As with the Versal Premium units, the Versal HBM units have some scalar processing engines primarily based on Arm cores, some programmable logic that implements the FPGA performance and its inner and numerous recollections, and DSP engines that do mixed-precision math for machine studying, imaging, and sign processing purposes. Hooked up to that is the HBM reminiscence and a slew of hard-coded I/O controllers and SerDes that make information zip into and out of those chips at lightning pace. One of many the reason why FPGA clients want HBM reminiscence on such a tool is as a result of it has a lot completely different I/O including as much as a lot mixture bandwidth. The PCI-Specific 5.0 controllers, which assist DMA, CCIX, and CXL protocols for reminiscence latency, have an mixture of 1.5 Tb/sec of bandwidth; and the chip-to-chip Interlaken interconnect has an built-in ahead error correction (FEC) accelerator and ship 600 Gb/sec of mixture bandwidth. The cryptographic engines, that are additionally hard-coded just like the PCI-Specific and Interlaken controllers, assist AES-GCM at 128 bits and 256 bits in addition to MACsec and IPsec protocols, and ship 1.2 Tb/sec of mixture bandwidth and might do encryption at 400 Gb/sec to match the road price of a 400 Gb/sec Ethernet port. The hard-coded Ethernet controllers can drive 400 Gb/sec ports (with 58Gb/sec PAM4 signaling) and 800 Gb/sec ports (with 112 Gb/sec PAM4 signaling) in addition to something all the way down to 10 Gb/sec alongside the Ethernet steps utilizing legacy 32 Gb/sec NRZ signaling; all instructed, the chip has an mixture Ethernet bandwidth of two.4 Tb/sec.

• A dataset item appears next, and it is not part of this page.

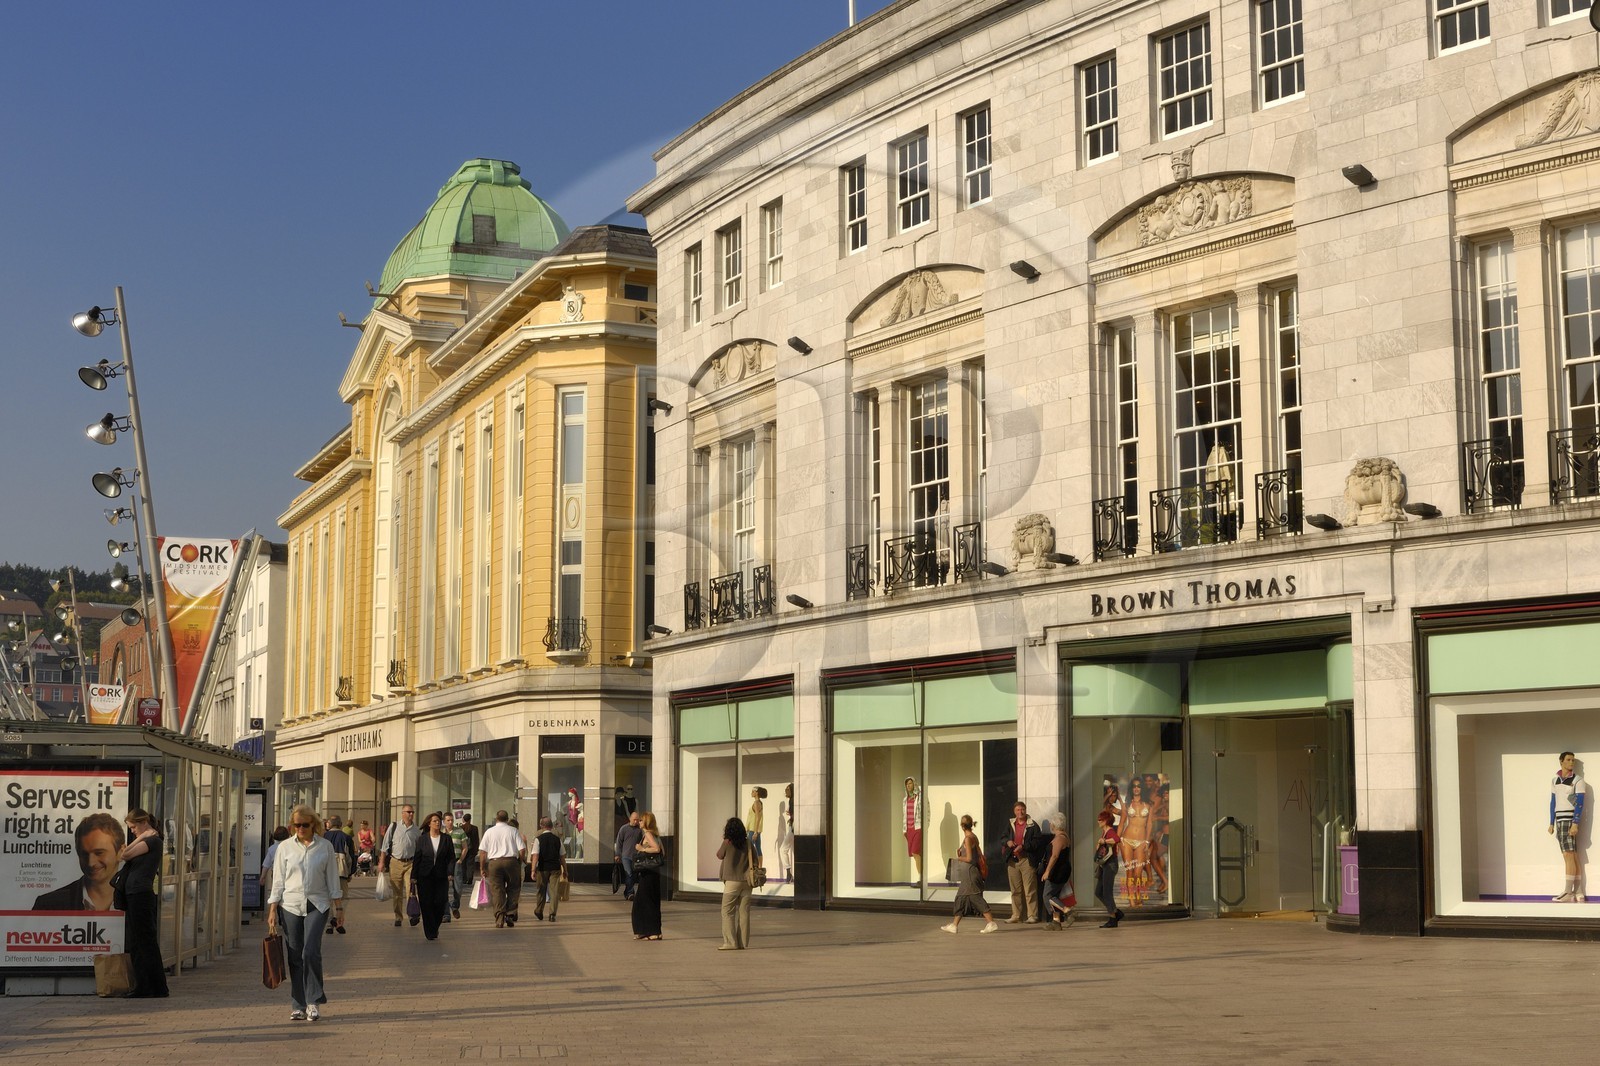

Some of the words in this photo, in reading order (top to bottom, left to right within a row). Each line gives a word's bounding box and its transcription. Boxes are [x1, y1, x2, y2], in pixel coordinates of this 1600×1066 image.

This Versal HBM gadget is a bandwidth beast on I/O, and for sure purposes, which means it must be a reminiscence bandwidth beast to steadiness it out. And the Versal HBM gadget is far more of a beast than the Virtex UltraScale+ HBM gadget it’s going to change, and proves it on many alternative metrics past HBM reminiscence capability and bandwidth. That is enabled by architectural modifications and the shift from 16 nanometer processes all the way down to 7 nanometers (because of fab associate Taiwan Semiconductor Manufacturing Corp).

Thompson says the Versal HBM gadget has the equal of 14 FPGAs of logic and the HBM has the equal bandwidth as 32 DDR5-6400 DRAM modules.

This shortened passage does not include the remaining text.